We are receiving data via a diode. However, event logs are from multiple hosts. How can we parse data from different hosts and direct it to the indexers?
Hi @radparik
yes hostname is good enough just for clarity do you want to assign different sourcetype for different hosts or are you creating different indexes per server(which is not good idea)
whats your use case here
Splunk can route events to a specific index based on the hostnames. below is a snapshot of props.conf as well as the transforms.conf stanza where you can perform the index routing that you described.
https://docs.splunk.com/Documentation/Splunk/8.2.6/Admin/Transformsconf
Props.conf
description = index where data is to be ingested
TRANSFORMS-theindex=theindexbyhost
Transforms.conf
[theindexbyhost]
SOURCE_KEY = MetaData:Host
REGEX = regexto match
if it helps karma points are appreciated/if it resolves acceptance as solution is appreciated
Please explain your use case. Why are you parsing the data instead of letting Splunk do it?
Hello,
We have a diode between two Splunk environments (that is the design). Right now, the data flow is-
HF->Diode->HF->IDX
Unfortunately, the diode forwards data from all hosts into one file in raw format. Is there a way to parse data from that one file?
Heavy forwarders communicate using Splunk-to-Splunk protocol. Is that the "raw format" to which you refer? If so, no action is needed on your part. The receiving HF understands the protocol and will process the data as necessary.
If, however, the diode is modifying the data then it must be prevented from doing that.
P.S. Why is the second HF there? What value does it add in this environment?
It simply depends on what is in your events. If the events in the stream are indistinguishable between hosts and the diode itself isn't able to add any kind of metadata how would you decide where to send which events?
Raw logs include the host name in the beginning - no metadata from the diode itself. Would that be enough to send to Indexers for parsing?
I was asking about metadata concerning source host. The diode itself is not important in this context (apart from the fact that you can't differentiate on source IP). The typical setup that I've seen which involved diode used syslog over UDP since it's easiest "diodeable" form of transport - it's inherently unidirectional.
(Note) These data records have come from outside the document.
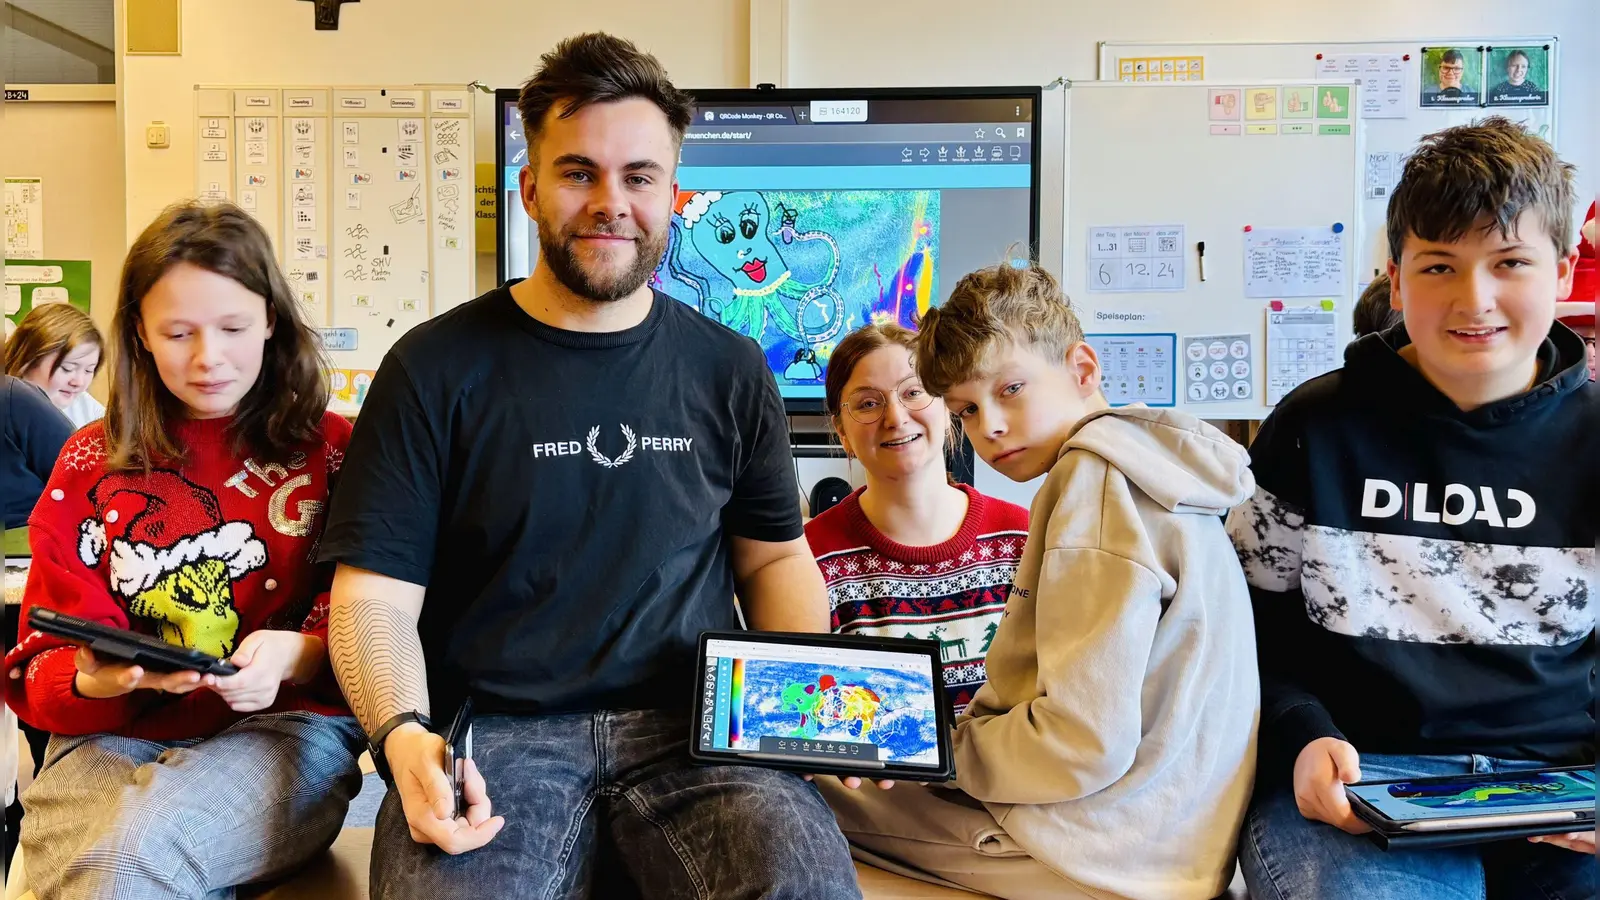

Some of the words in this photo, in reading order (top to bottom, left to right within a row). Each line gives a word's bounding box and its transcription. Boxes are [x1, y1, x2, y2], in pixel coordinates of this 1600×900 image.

[831, 107, 861, 115] 164120
[475, 186, 497, 195] ichti
[480, 198, 495, 206] der
[1098, 243, 1117, 251] 1...31
[1099, 263, 1111, 285] 6
[1125, 263, 1150, 275] 12.
[1157, 262, 1175, 278] 24
[1096, 311, 1145, 321] Speiseplan:
[323, 330, 337, 339] geht
[325, 340, 346, 348] heute?
[533, 441, 582, 458] FRED
[641, 436, 693, 452] PERRY
[223, 451, 308, 498] The
[268, 473, 324, 537] G
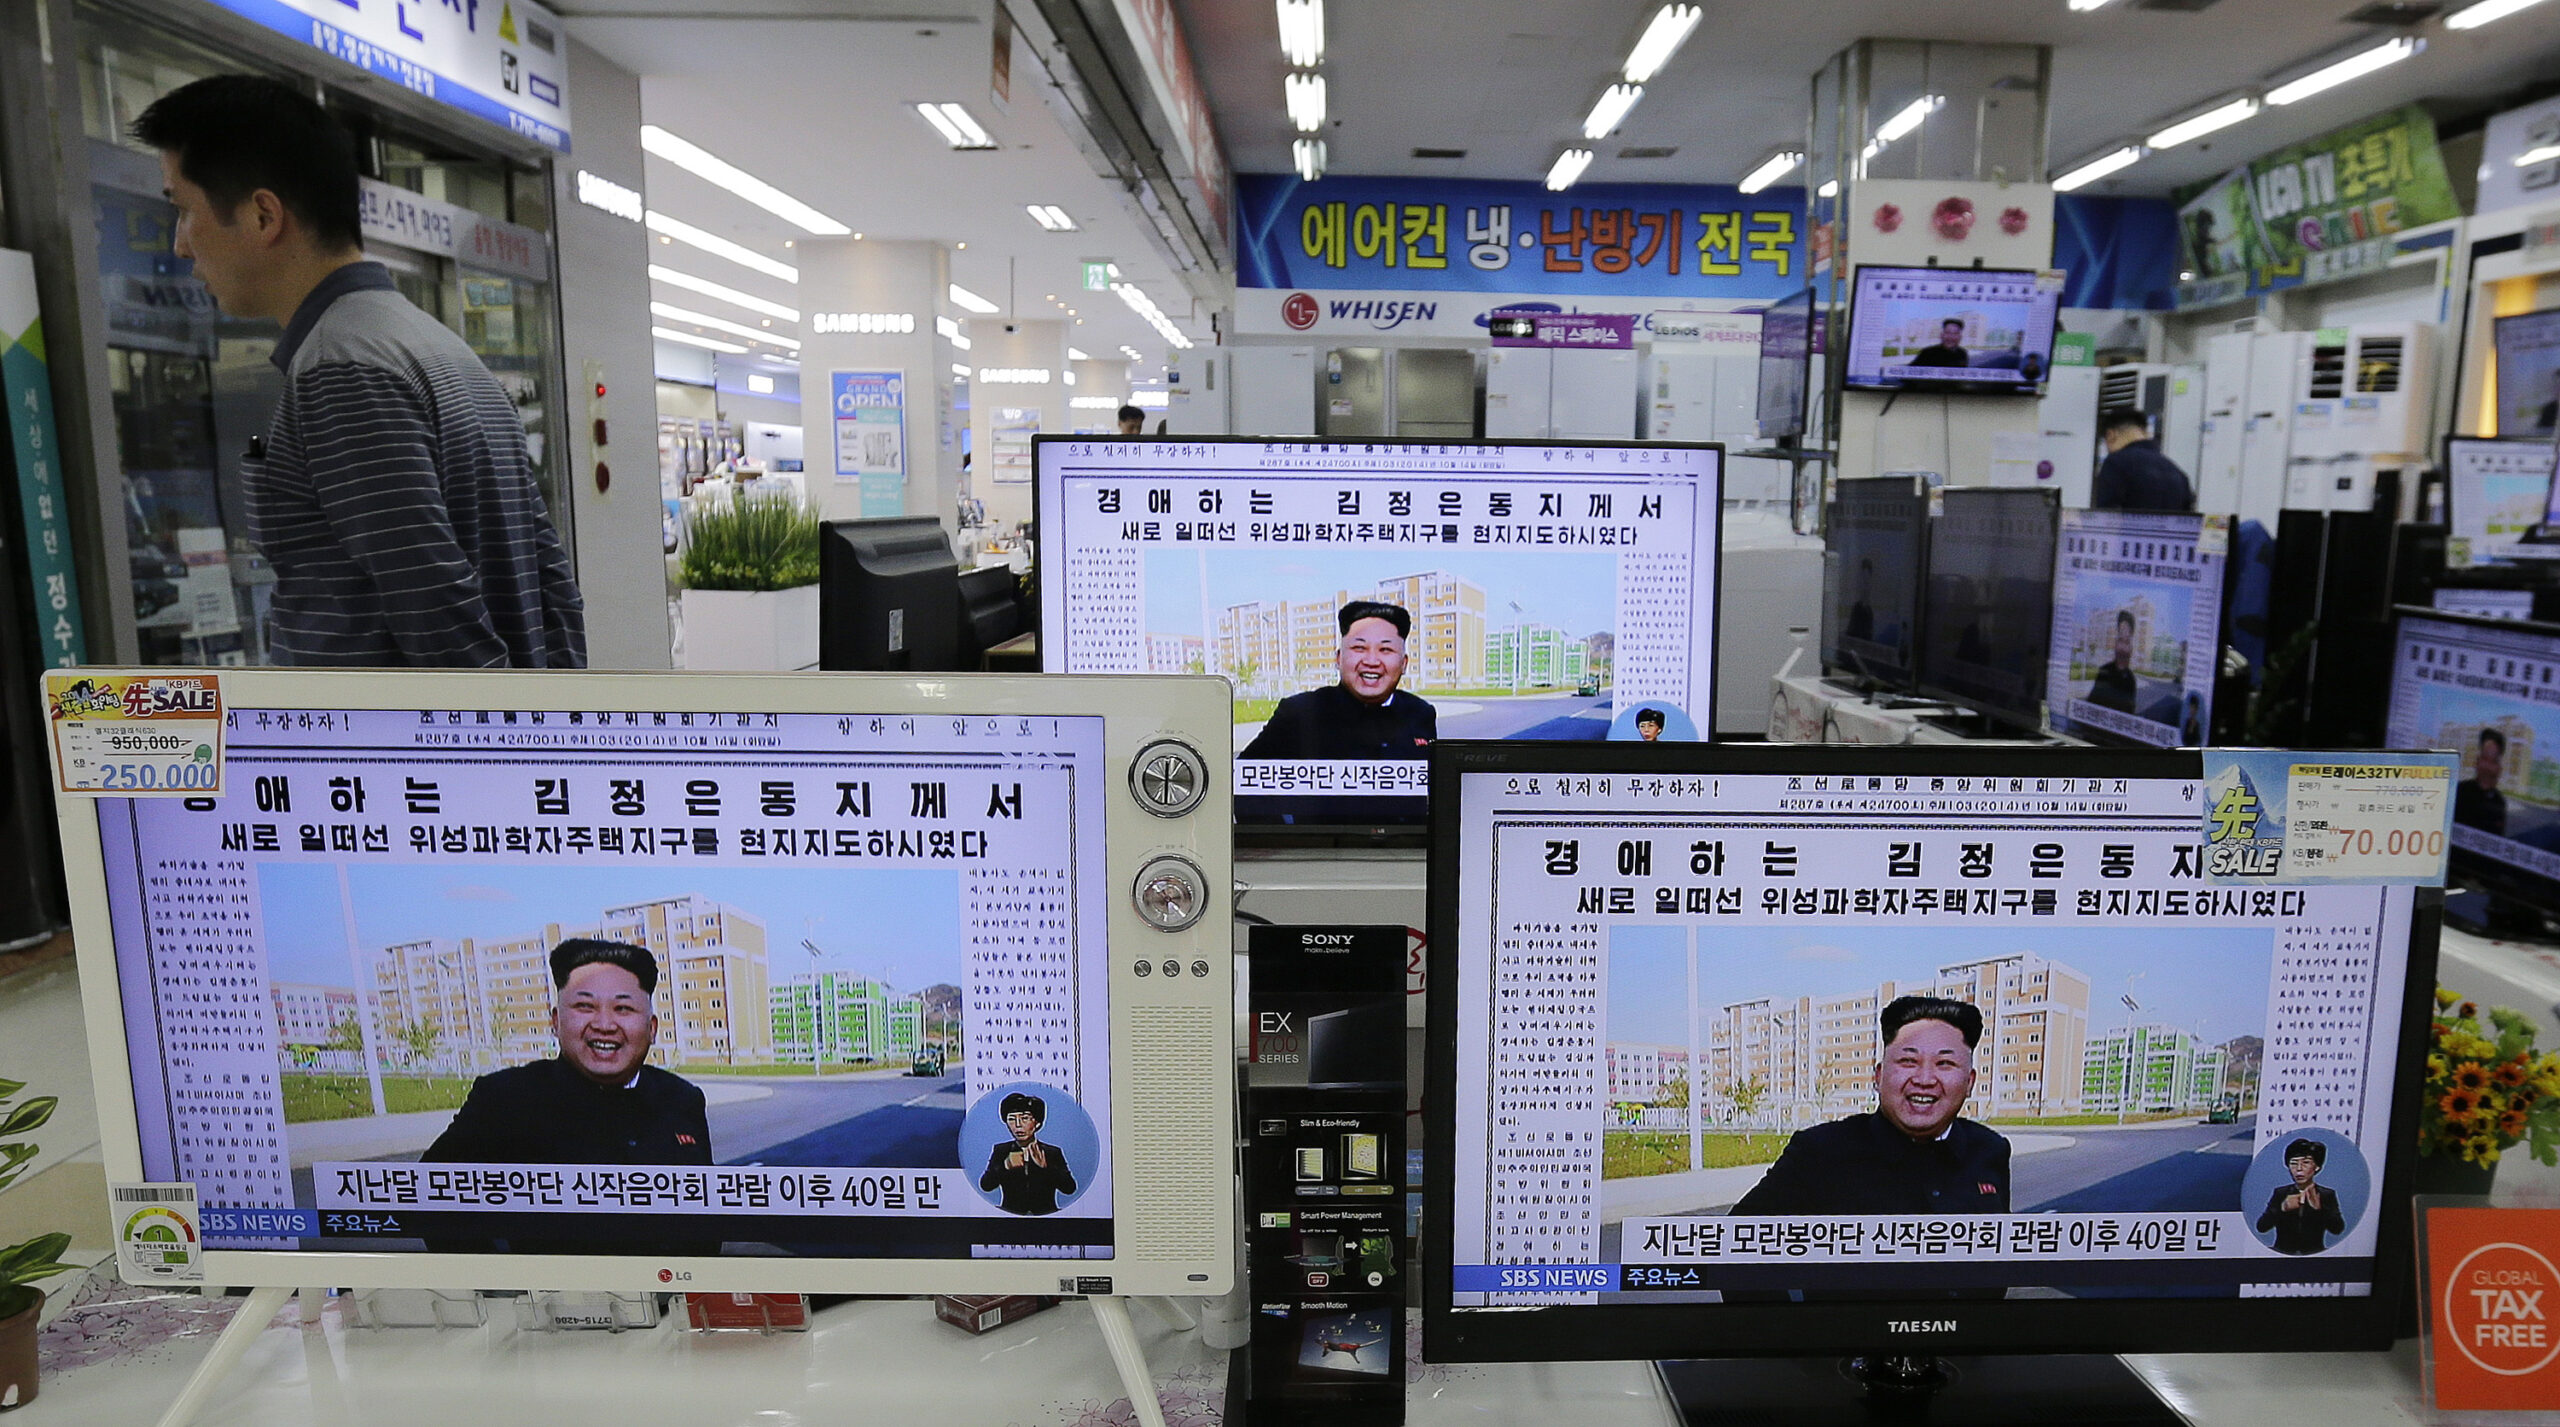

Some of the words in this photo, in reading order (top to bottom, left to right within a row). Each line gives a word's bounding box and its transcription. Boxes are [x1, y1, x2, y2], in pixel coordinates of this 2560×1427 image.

[1301, 201, 1449, 269] 에어컨
[1697, 211, 1797, 276] 전국
[813, 313, 915, 333] SAMSUNG
[1330, 300, 1437, 325] WHISEN
[1097, 488, 1274, 515] 경애하는
[1337, 490, 1662, 519] 김정은동지께서
[1121, 521, 1162, 541] 새로
[1175, 521, 1236, 541] 일떠선
[1250, 523, 1459, 544] 위성과학자주택지구를
[1474, 525, 1638, 546] 현지지도하시였다
[123, 683, 153, 717] 先
[152, 690, 217, 712] SALE
[111, 736, 179, 751] 950,000
[1240, 765, 1335, 790] 모란봉악단
[1504, 778, 1541, 796] 으로
[1555, 778, 1612, 798] 철저히
[1627, 778, 1720, 798] 무장하자!
[534, 778, 1023, 820] 김정은동지께서
[2210, 786, 2259, 843] 先
[221, 823, 281, 852] 새로
[298, 824, 390, 853] 일떠선
[409, 825, 719, 856] 위성과학자주택지구를
[740, 829, 989, 859] 현지지도하시였다
[1544, 840, 1798, 877] 경애하는
[2209, 848, 2283, 877] SALE
[1576, 887, 1636, 915] 새로
[1654, 887, 1742, 915] 일떠선
[1760, 888, 2058, 916] 위성과학자주택지구를
[2075, 889, 2306, 917] 현지지도하시였다
[1302, 934, 1355, 945] SONY
[1260, 1012, 1292, 1033] EX
[1261, 1035, 1299, 1053] 700
[1259, 1054, 1300, 1064] SERIES
[1300, 1119, 1315, 1127] Slim
[1322, 1119, 1360, 1129] Eco-friendly
[337, 1169, 420, 1205] 지난달
[428, 1170, 564, 1207] 모란봉악단
[571, 1171, 709, 1208] 신작음악회
[716, 1173, 772, 1208] 관람
[779, 1173, 835, 1209] 이후
[841, 1174, 906, 1210] 40일
[914, 1175, 942, 1210] 만
[199, 1213, 238, 1231] SBS
[243, 1214, 307, 1232] NEWS
[325, 1214, 401, 1232] 주요뉴스
[1300, 1212, 1320, 1220] Smart
[1320, 1212, 1341, 1220] Power
[1341, 1212, 1382, 1221] Management
[1643, 1222, 1726, 1257] 지난달
[1732, 1221, 1865, 1257] 모란봉악단
[1871, 1219, 2003, 1256] 신작음악회
[2009, 1219, 2063, 1254] 관람
[2069, 1218, 2121, 1254] 이후
[2126, 1218, 2188, 1253] 40일
[2194, 1218, 2221, 1252] 만
[676, 1271, 692, 1281] LG
[1500, 1269, 1541, 1287] SBS
[1545, 1269, 1608, 1287] NEWS
[1626, 1268, 1701, 1287] 주요뉴스
[2473, 1270, 2544, 1286] GLOBAL
[2470, 1289, 2546, 1321] TAX
[1887, 1320, 1957, 1333] TAESAN
[2475, 1324, 2548, 1348] FREE
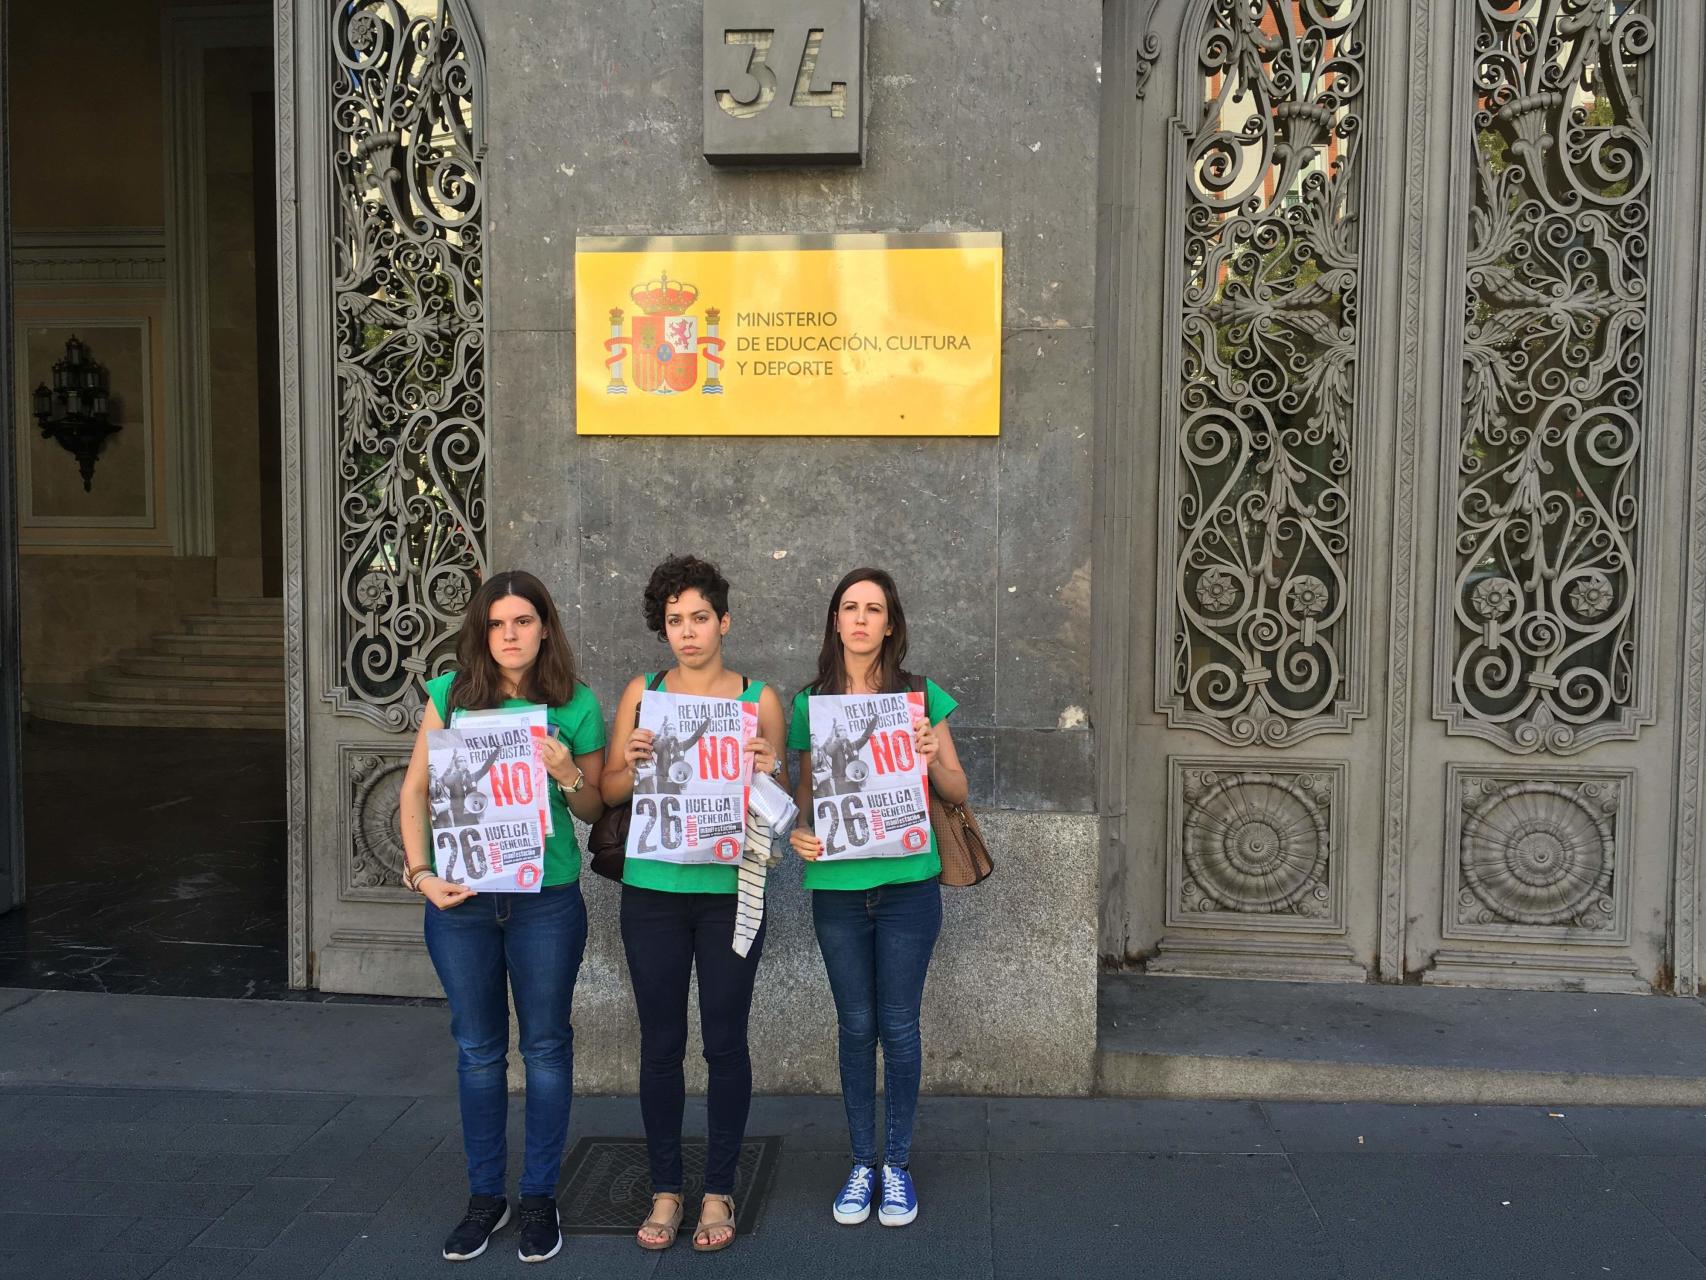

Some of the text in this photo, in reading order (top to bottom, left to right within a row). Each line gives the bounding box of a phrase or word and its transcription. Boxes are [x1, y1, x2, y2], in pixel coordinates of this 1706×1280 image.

[714, 28, 847, 119] 34
[736, 311, 838, 328] MINISTERIO
[736, 333, 972, 353] DE EDUCACIÓN, CULTURA
[736, 361, 834, 376] Y DEPORTE
[679, 718, 741, 733] FRANUISTAS
[848, 711, 909, 732] FRANUISTAS
[469, 744, 532, 764] FRANUISTAS
[698, 735, 741, 780] NO
[869, 729, 915, 775] NO
[489, 761, 534, 807] NO
[685, 797, 731, 813] HUELGA
[866, 788, 913, 808] HUELGA
[697, 812, 734, 825] GENERAL
[880, 803, 917, 818] GENERAL
[484, 822, 529, 841] HUELGA
[635, 796, 682, 855] 26
[817, 795, 870, 857] 26
[500, 837, 533, 851] GENERAL
[437, 827, 489, 884] 26
Are you using it or other transport/protocol? Do you really have a Heavy Forwarder inside the diode-separated environment? From my experience I seriously doubt it. If you indeed use syslog/UDP it's easiest to set up some syslog server (sc4s, rsyslog) and write proper rules for it so it adds proper metadata to the events (like index, source, sourcetype, optionally other indexed fields) and sends it to HEC on your HF. That's what I would do.